Scientific classification
- Domain: Bacteria
- Kingdom: Bacillati
- Phylum: Actinomycetota
- Class: Actinomycetes
- Order: Mycobacteriales
- Family: Mycobacteriaceae
- Genus: Mycobacterium
- Species: M. conceptionense
- Binomial name: Mycobacterium conceptionense Adékambi et al. 2006, CCUG 50187

= Mycobacterium conceptionense =

- Authority: Adékambi et al. 2006, CCUG 50187

Species of bacterium

Mycobacterium conceptionense is a non pigmented rapidly growing mycobacterium was first isolated from wound liquid outflow, bone tissue biopsy, and excised skin tissue from a 31-year-old woman who suffered an accidental open right tibia fracture and prolonged stay in a river.
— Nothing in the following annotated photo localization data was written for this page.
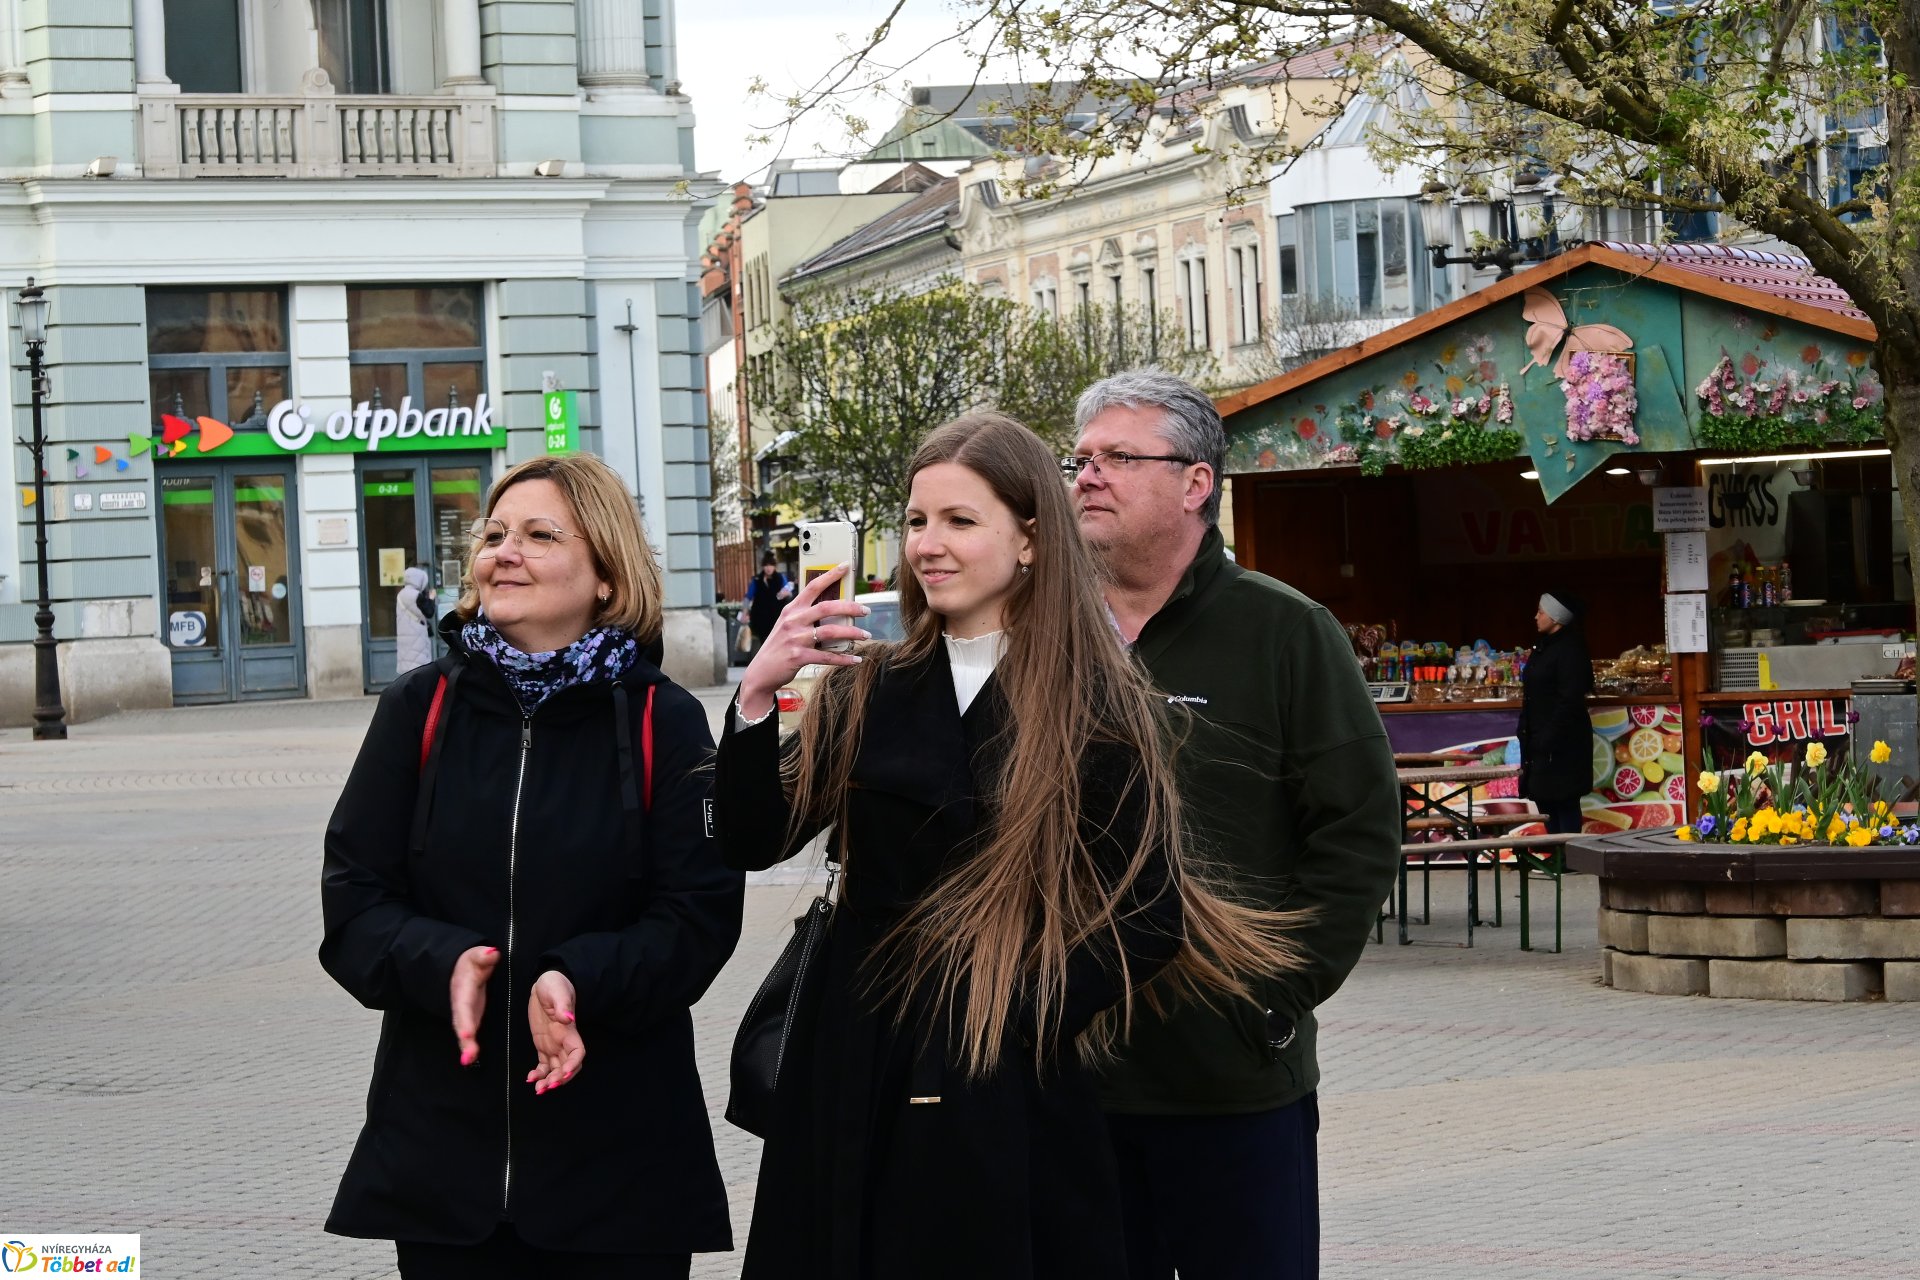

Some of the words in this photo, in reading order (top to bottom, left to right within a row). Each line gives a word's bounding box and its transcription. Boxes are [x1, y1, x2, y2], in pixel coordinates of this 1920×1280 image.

[326, 393, 494, 451] otpbank
[548, 434, 566, 449] 0-24
[378, 484, 398, 494] 0-24
[1708, 473, 1778, 528] GYROS
[170, 620, 196, 632] MFB
[1174, 695, 1208, 704] Columbia
[1743, 699, 1851, 747] GRIL
Etymology: conceptionense, pertaining to Hôpital de la Conception, the hospital where the first strain was isolated.

==Description==
Microscopy
- Acid-fast and gram-positive bacilli.

Colony characteristics
- Colonies are non pigmented.

Physiology
- Colonies appear on 5% sheep blood agar, Middlebrook 7H10 agar, and egg-based Lowenstein-Jensen slants in 2 to 5
days at temperatures between 25 and 37 °C, optimally at 30 °C. No growth occurs at 42 °C.
- The type strain is susceptible in vitro to imipenem, minocycline, doxycycline, clarithromycin, erythromycin, azithromycin, amikacin, ciprofloxacin, ofloxacin, sparfloxacin, and amoxicillinclavulanate and resistant to penicillin, amoxicillin, and vancomycin.

Differential characteristics
- M. conceptionense shares 99.7% 16S rRNA (4-bp difference) and 97.0% rpoB gene sequence similarity with Mycobacterium porcinum, the nearest species.

==Pathogenesis==
- This species is associated with post traumatic osteitis.